Keep the pictures out. Restate the entries below word for word.

Records from a dataset:
________________________

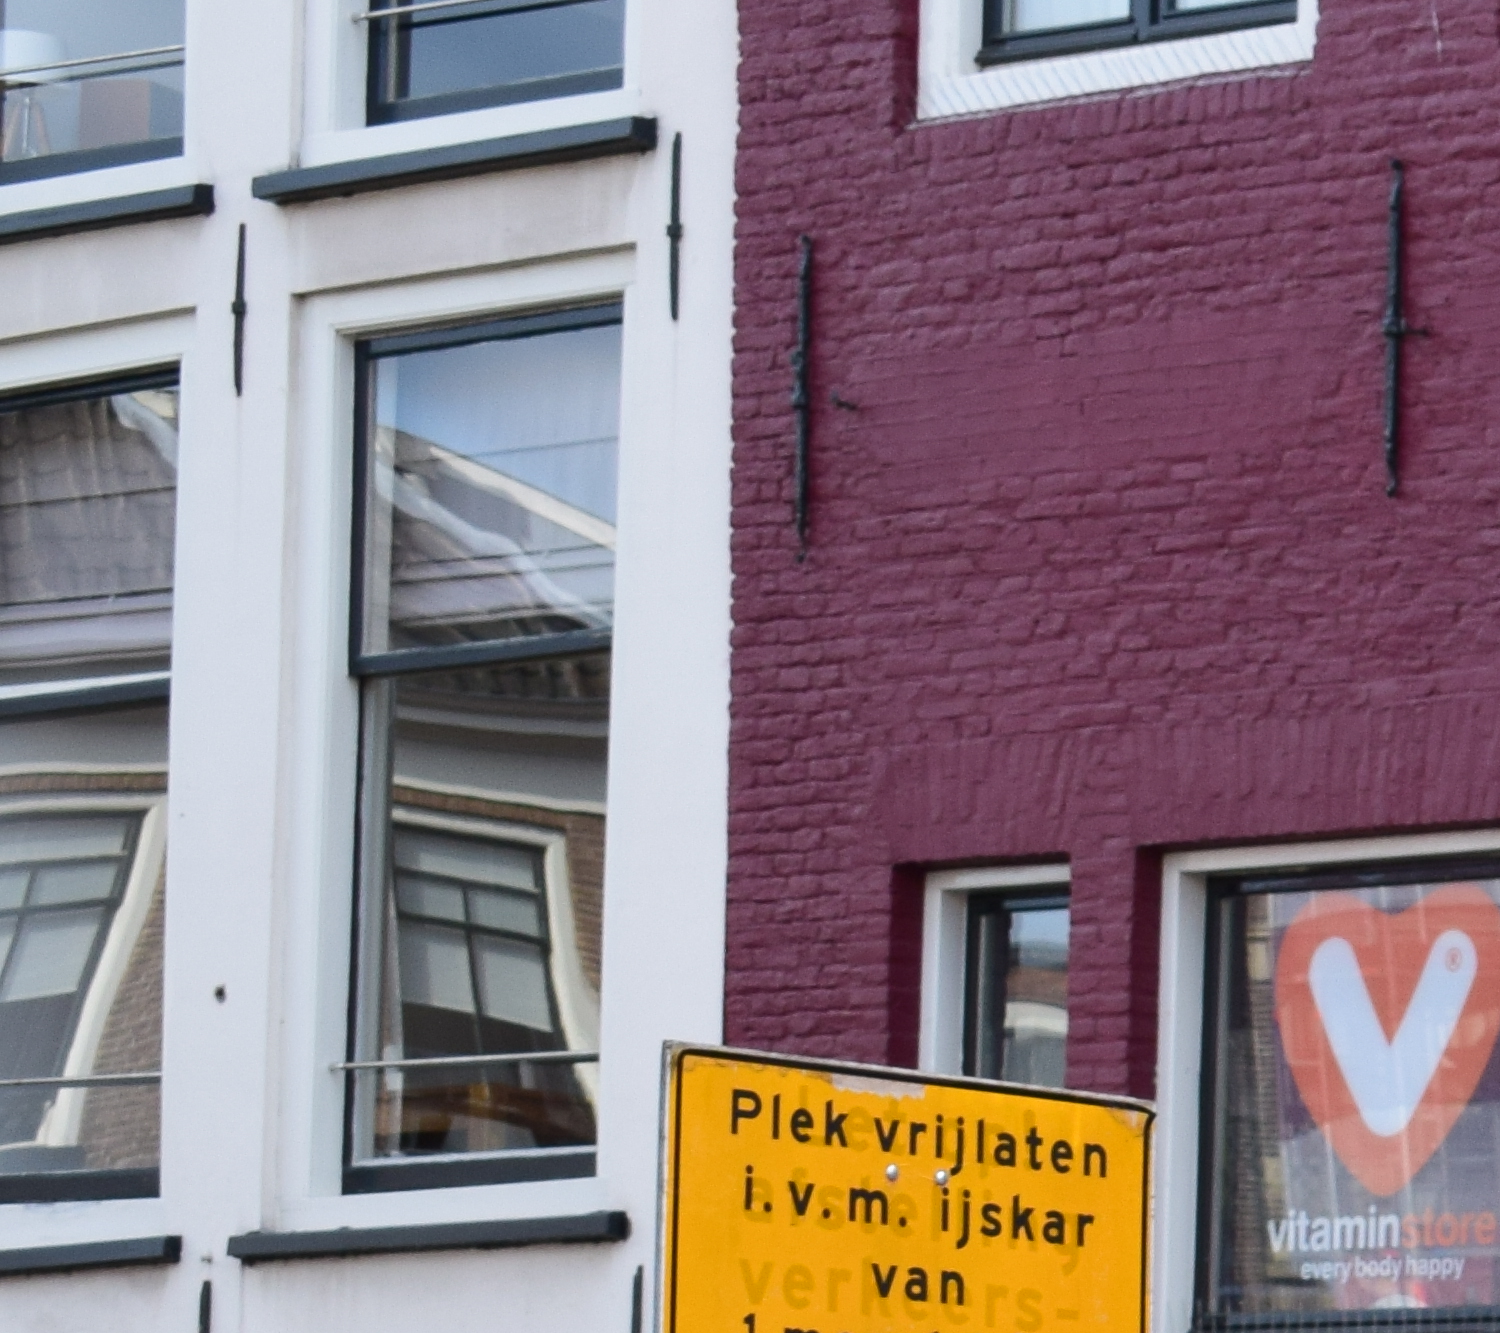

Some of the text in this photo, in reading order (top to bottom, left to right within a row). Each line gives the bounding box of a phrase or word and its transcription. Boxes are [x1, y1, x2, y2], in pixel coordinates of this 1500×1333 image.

[729, 1089, 1109, 1178] Plek vrijlaten
[743, 1165, 1096, 1249] i.v.m. ijskar
[1266, 1204, 1498, 1253] vitaminstore
[871, 1262, 967, 1306] van
[1300, 1255, 1465, 1283] every body happy
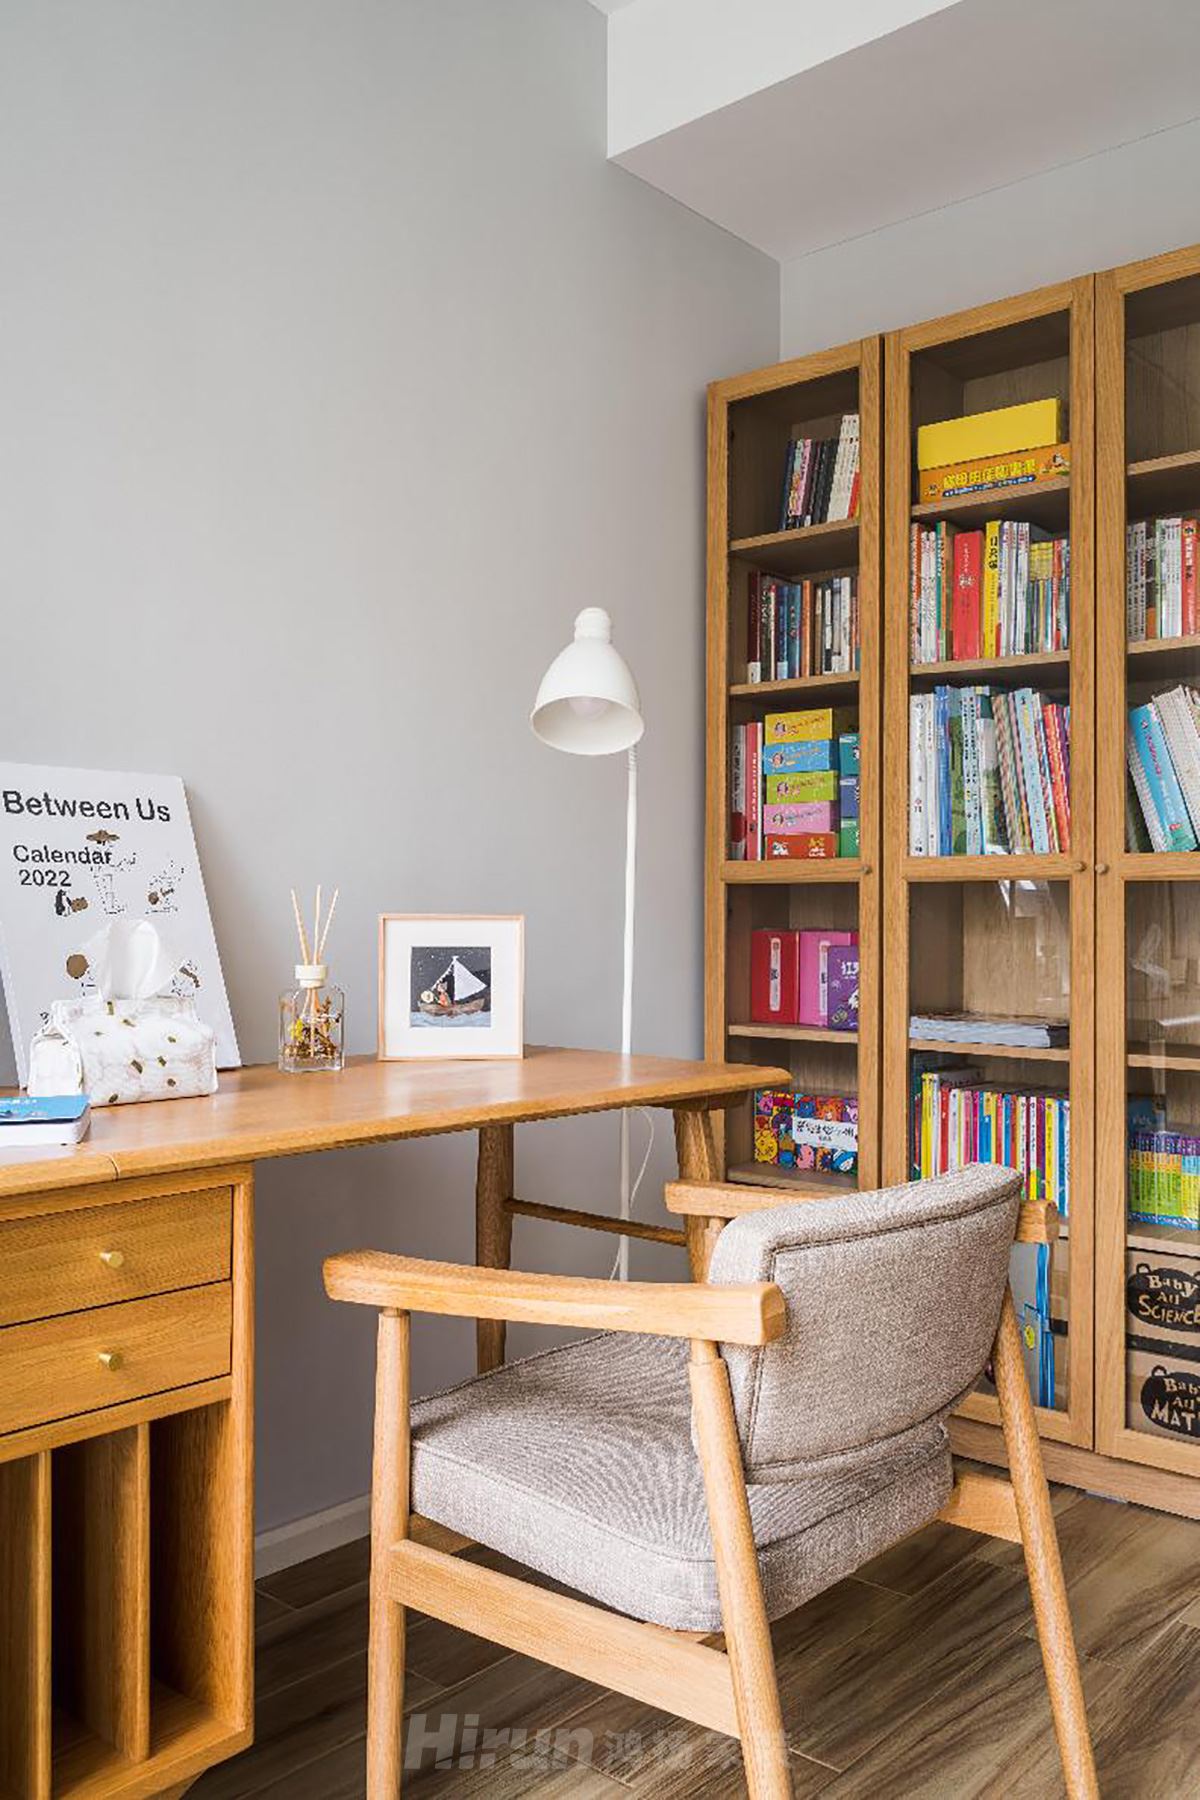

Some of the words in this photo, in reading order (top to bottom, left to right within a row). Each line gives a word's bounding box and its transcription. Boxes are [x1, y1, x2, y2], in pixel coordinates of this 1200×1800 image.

[3, 790, 129, 820] Between
[136, 798, 171, 822] Us
[13, 845, 112, 864] Calendar
[19, 869, 72, 887] 2022
[1147, 1275, 1198, 1298] Baby
[1163, 1377, 1200, 1394] Bab
[1151, 1399, 1200, 1431] MAT
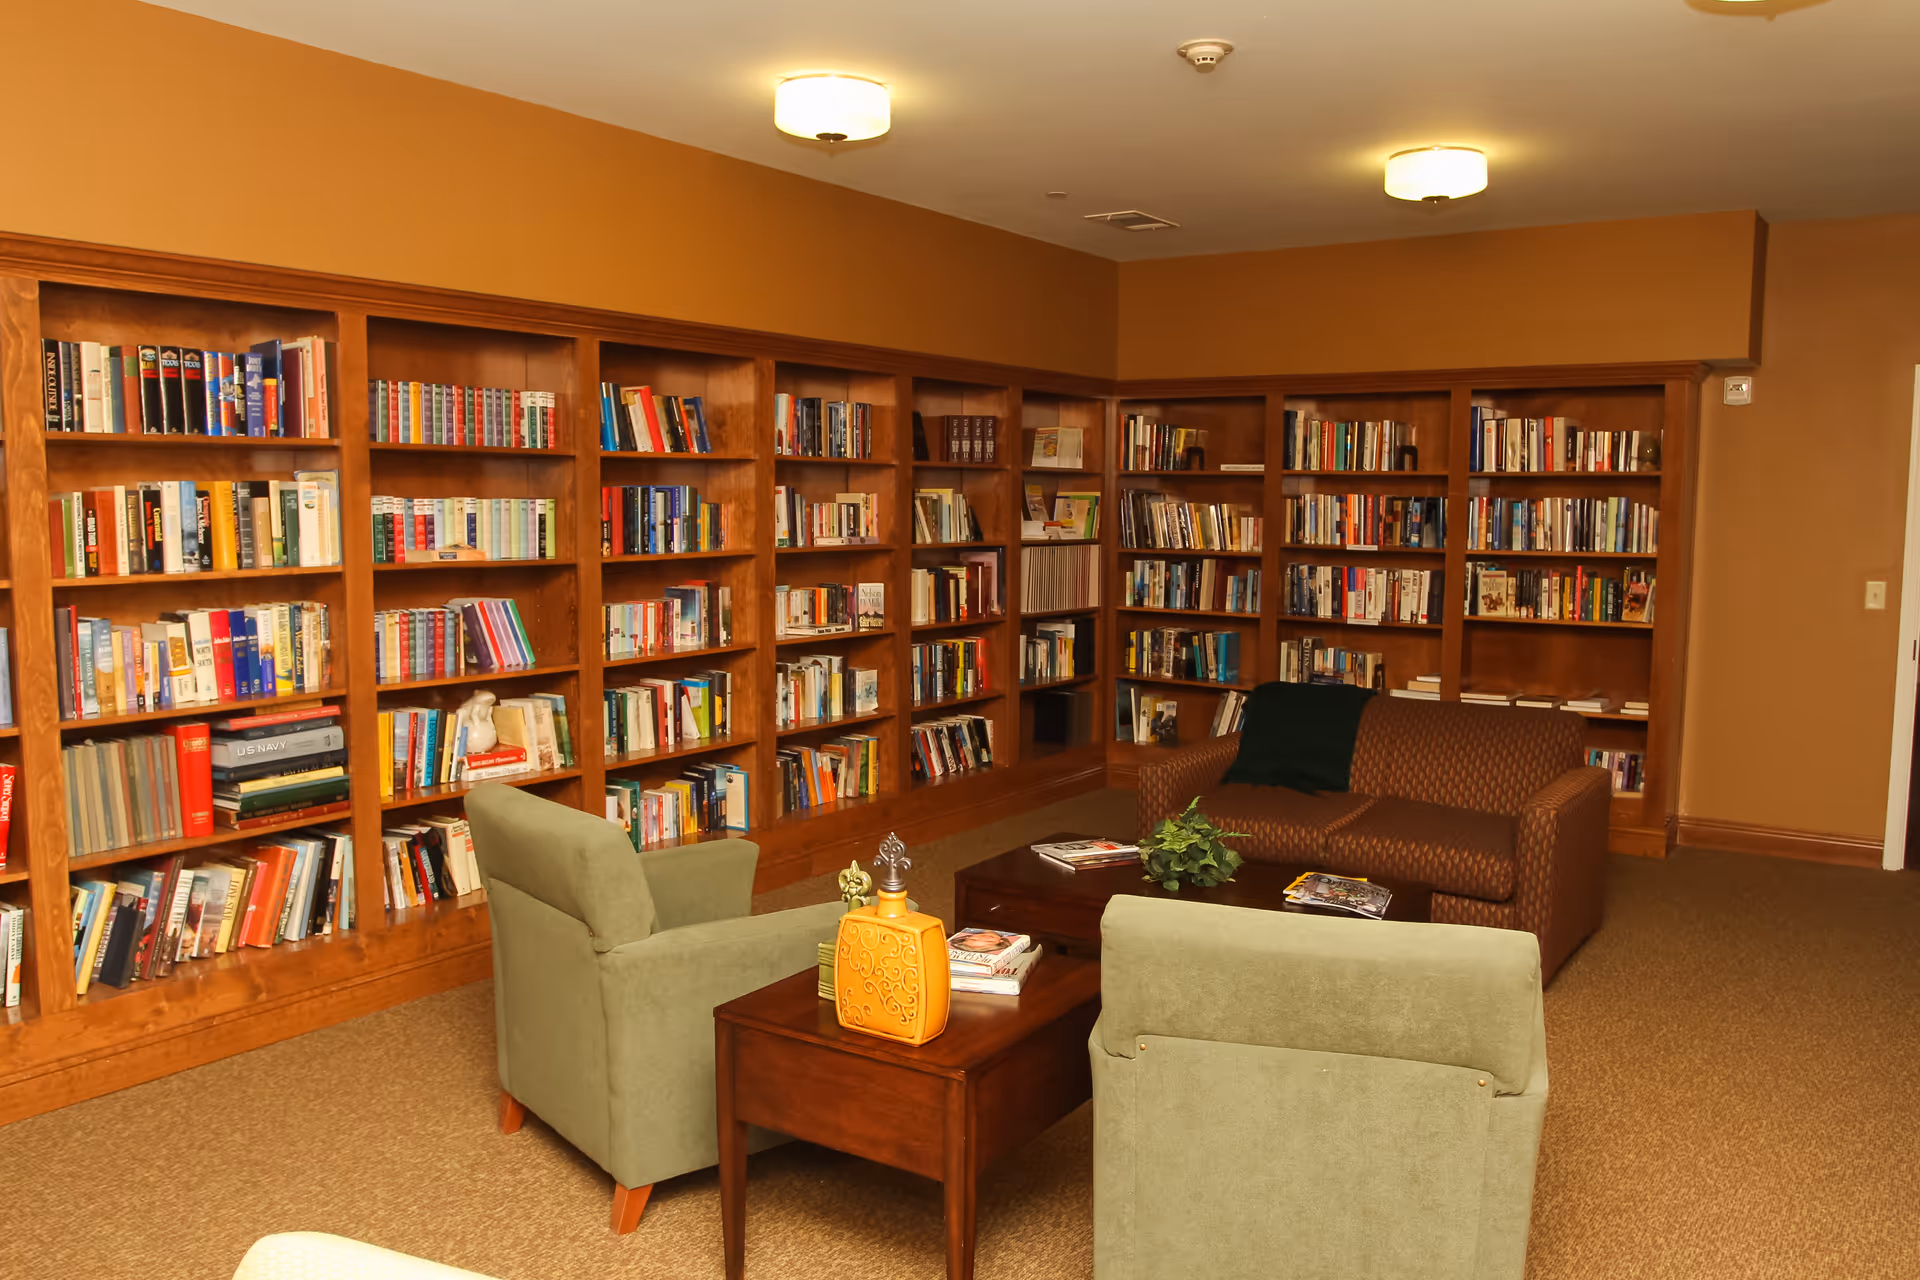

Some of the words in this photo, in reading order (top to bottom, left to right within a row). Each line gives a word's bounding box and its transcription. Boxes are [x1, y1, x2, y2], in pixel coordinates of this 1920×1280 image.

[46, 352, 56, 376] INSIDE
[162, 359, 180, 367] TEXAS
[184, 360, 201, 369] TEXAS
[48, 377, 58, 411] OUTSIDE
[87, 517, 96, 532] BRAD
[153, 508, 163, 542] Centennial
[197, 519, 206, 544] Michener
[88, 532, 97, 546] THOR
[860, 587, 881, 598] Nelson
[295, 630, 304, 646] West
[296, 656, 304, 675] Eden
[237, 745, 256, 756] US
[257, 740, 288, 753] NAVY
[227, 880, 240, 899] LONE
[222, 902, 234, 921] STAR
[104, 920, 113, 935] THE
[93, 936, 110, 968] LEOPARD

________________________

## Solution to the exercise
Some of the text in this photo, in reading order (top to bottom, left to right within a row). Each line gives the bounding box of a phrase or word and its transcription. Boxes are [x1, y1, x2, y2], in pixel coordinates of this 1500×1333 image.

[729, 1089, 1109, 1178] Plek vrijlaten
[743, 1165, 1096, 1249] i.v.m. ijskar
[1266, 1204, 1498, 1253] vitaminstore
[871, 1262, 967, 1306] van
[1300, 1255, 1465, 1283] every body happy

Some of the words in this photo, in reading order (top to bottom, left to right within a row). Each line gives a word's bounding box and its transcription. Boxes are [x1, y1, x2, y2], in pixel coordinates of this 1200×1800 image.

[3, 790, 129, 820] Between
[136, 798, 171, 822] Us
[13, 845, 112, 864] Calendar
[19, 869, 72, 887] 2022
[1147, 1275, 1198, 1298] Baby
[1163, 1377, 1200, 1394] Bab
[1151, 1399, 1200, 1431] MAT

Some of the words in this photo, in reading order (top to bottom, left to right within a row). Each line gives a word's bounding box and its transcription. Boxes are [x1, y1, x2, y2], in pixel coordinates of this 1920×1280 image.

[46, 352, 56, 376] INSIDE
[162, 359, 180, 367] TEXAS
[184, 360, 201, 369] TEXAS
[48, 377, 58, 411] OUTSIDE
[87, 517, 96, 532] BRAD
[153, 508, 163, 542] Centennial
[197, 519, 206, 544] Michener
[88, 532, 97, 546] THOR
[860, 587, 881, 598] Nelson
[295, 630, 304, 646] West
[296, 656, 304, 675] Eden
[237, 745, 256, 756] US
[257, 740, 288, 753] NAVY
[227, 880, 240, 899] LONE
[222, 902, 234, 921] STAR
[104, 920, 113, 935] THE
[93, 936, 110, 968] LEOPARD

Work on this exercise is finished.